We switched to 2.6.18 (SMP) and applied the latest patches from LSI (got 
them directly from Sumant Patro).  Also, he told me to make sure "read 
ahead" was set to "off".  This seems to have reduced the frequency of 
the failures to about once per week (across 10+ machines), down from 
several times per week.

After I reported an additional failure, Sumant said they were able to 
reproduce the problems with XFS but they have not seen it with EXT3.  I 
prefer XFS but I prefer to have reliable databases even more...
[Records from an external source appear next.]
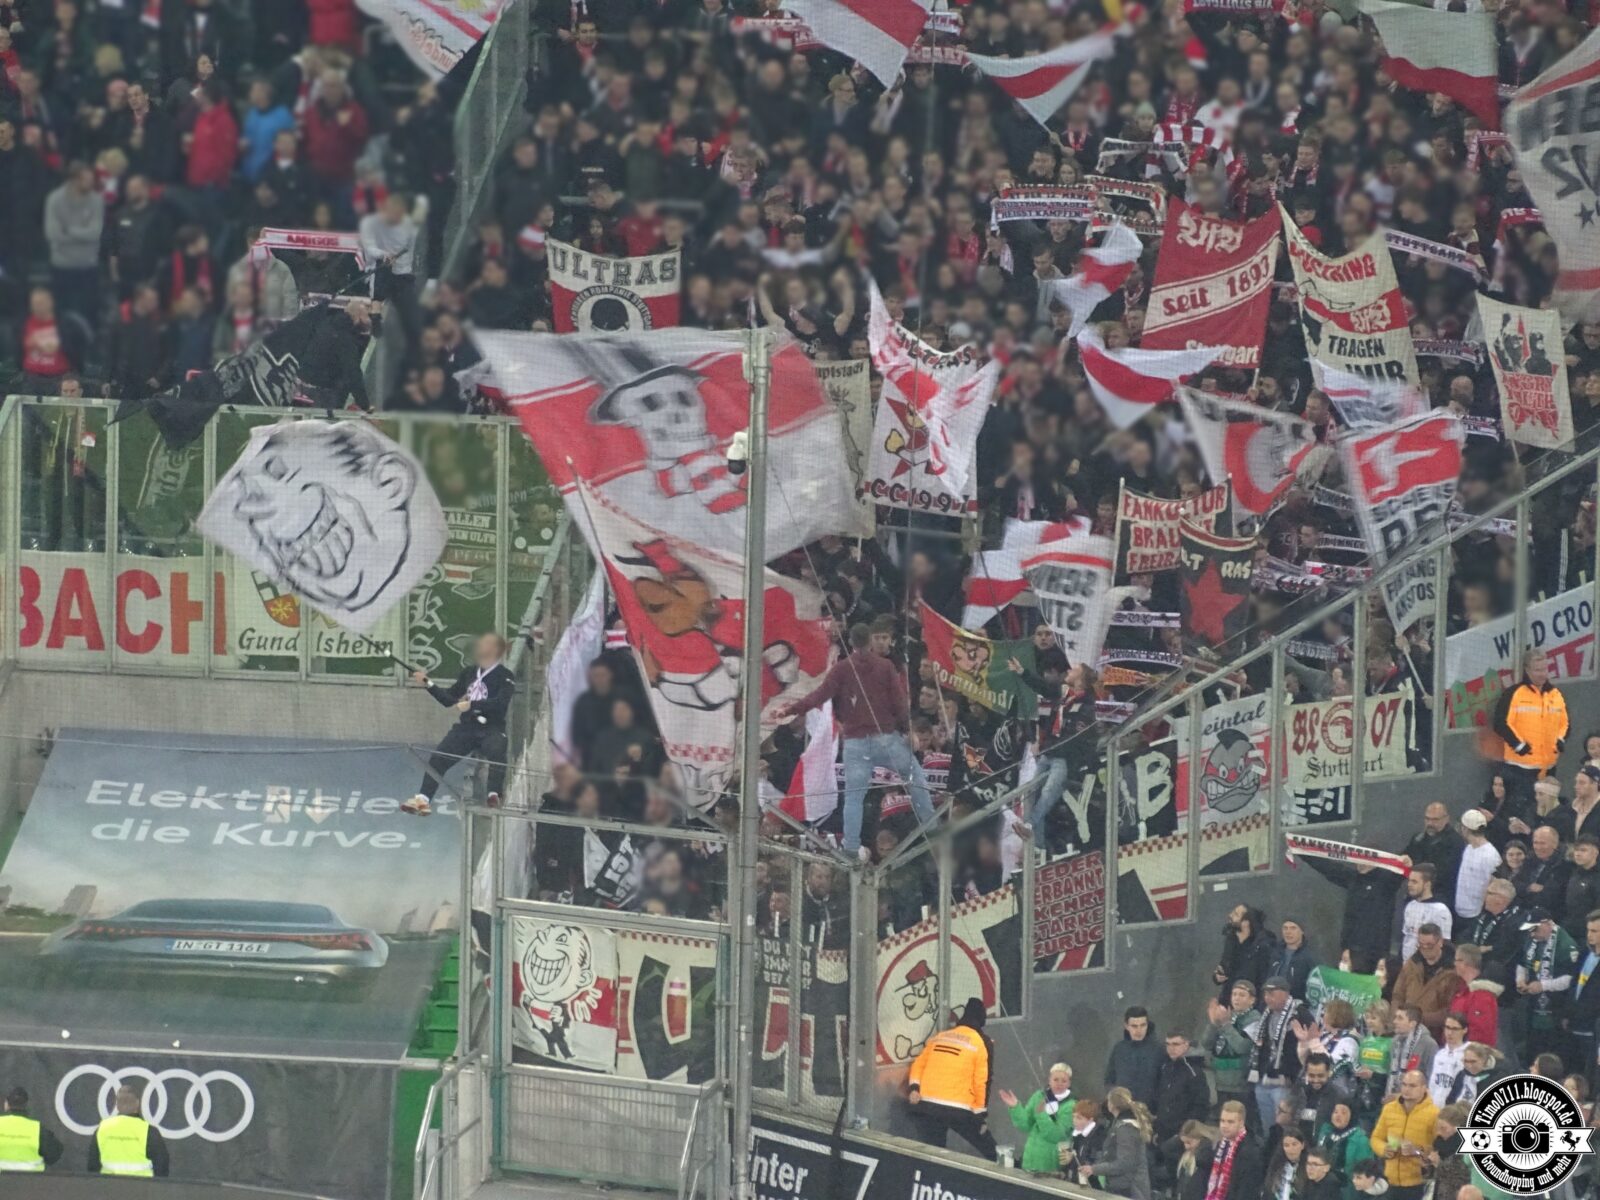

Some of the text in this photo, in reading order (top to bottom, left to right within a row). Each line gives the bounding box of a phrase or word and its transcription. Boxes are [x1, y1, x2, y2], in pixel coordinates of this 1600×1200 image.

[549, 245, 679, 286] ULTRAS
[1162, 287, 1211, 317] seit
[1328, 335, 1386, 358] TRAGEN
[238, 626, 394, 656] Gundlsheim
[1371, 698, 1401, 749] 07
[1303, 752, 1384, 783] Stuttart
[86, 779, 458, 817] Elektrisiet
[91, 817, 423, 849] die Kurve.
[763, 938, 781, 955] DU
[751, 1152, 809, 1194] nter
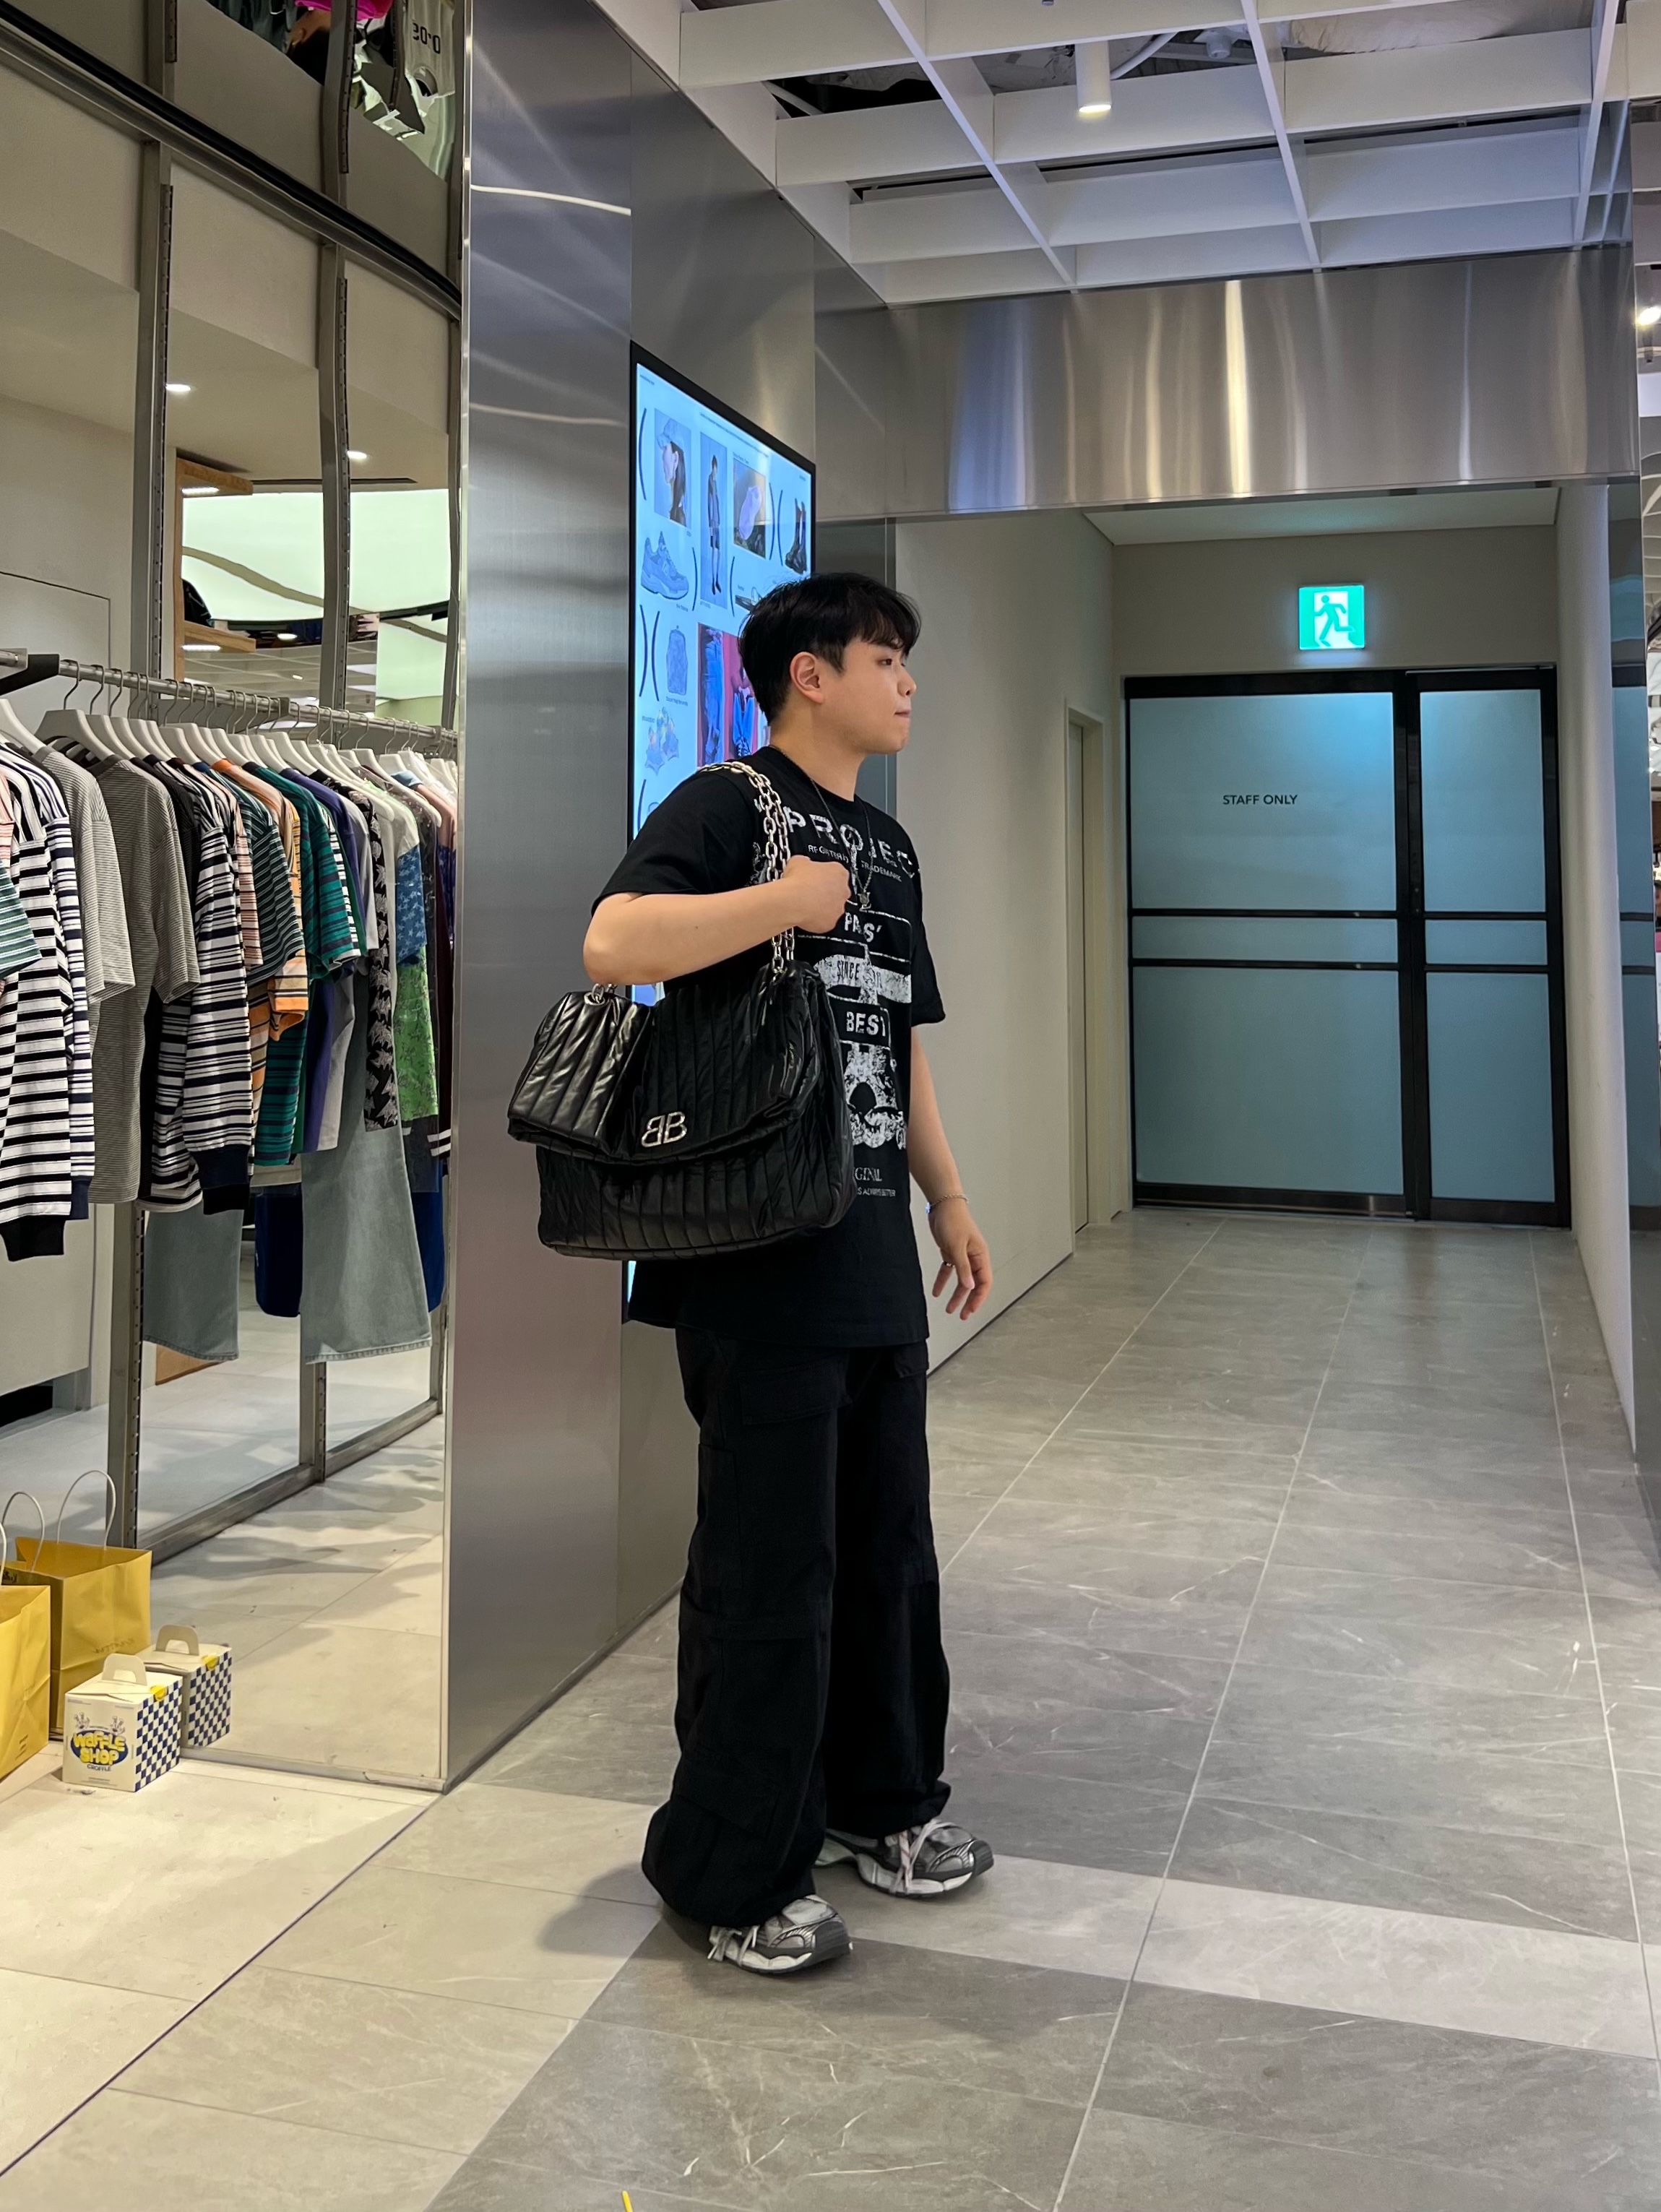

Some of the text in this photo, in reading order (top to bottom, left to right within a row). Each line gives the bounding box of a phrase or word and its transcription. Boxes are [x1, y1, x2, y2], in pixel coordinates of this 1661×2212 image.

I now have a couple of systems running in the new configuration and I am 
slowly migrating others to it as well.  I have not seen a failure with 
EXT3 but I statistically it would have been unlikely... I won't declare 
victory until I have more systems converted with a few weeks of reliable 
use.

Hope this helps... if anybody solves the root cause I will happily offer 
them a small gift to show my gratitude.

B-


David N. Welton wrote:

>Hi,
>
>I found someone corresponding to your name writing about a problem with
>the megaraid sas driver/hardware on the LKML:
>
>http://lkml.org/lkml/2006/9/6/12
>
>We have a Dell (2950, running 2.6.18 #1 SMP) as well, and the way I
>managed to kill the thing dead in its tracks (symptoms basically what
>you you describe) is with smartctl:
>
>root@salgari:~# smartctl --all /dev/sda
>smartctl version 5.34 [i686-pc-linux-gnu] Copyright (C) 2002-5 Bruce Allen
>Home page is http://smartmontools.sourceforge.net/
>
>Device: DELL     PERC 5/i         Version: 1.00
>Device type: disk
>Local Time is: Wed Oct 25 10:14:40 2006 CEST
>Device does not support SMART
>
>Error Counter logging not supported
>
>
>Device does not support Self Test logging
>
>----
>
>[61101.681857] sd 0:2:0:0: rejecting I/O to offline device
>[61101.681944] EXT3-fs error (device sda1): ext3_readdir: directory
>#7553069 contains a hole at offset 0
>[61103.944794] sd 0:2:0:0: rejecting I/O to offline device
>[61103.944879] EXT3-fs error (device sda1): ext3_readdir: directory
>#7553069 contains a hole at offset 0
>[61104.672212] sd 0:2:0:0: rejecting I/O to offline device
>[61104.672295] EXT3-fs error (device sda1): ext3_readdir: directory
>#7553069 contains a hole at offset 0
>[61105.255981] sd 0:2:0:0: rejecting I/O to offline device
>[61105.256066] EXT3-fs error (device sda1): ext3_readdir: directory
>#7553069 contains a hole at offset 0
>
>----
>
>Dead in the water.  We suspect that in any case there are some disk
>problems, which is why we were trying to use smartctl in the first place.
>
>I was just curious if you managed to figure anything out...
>
>Thanks,
>Dave Welton
>  
>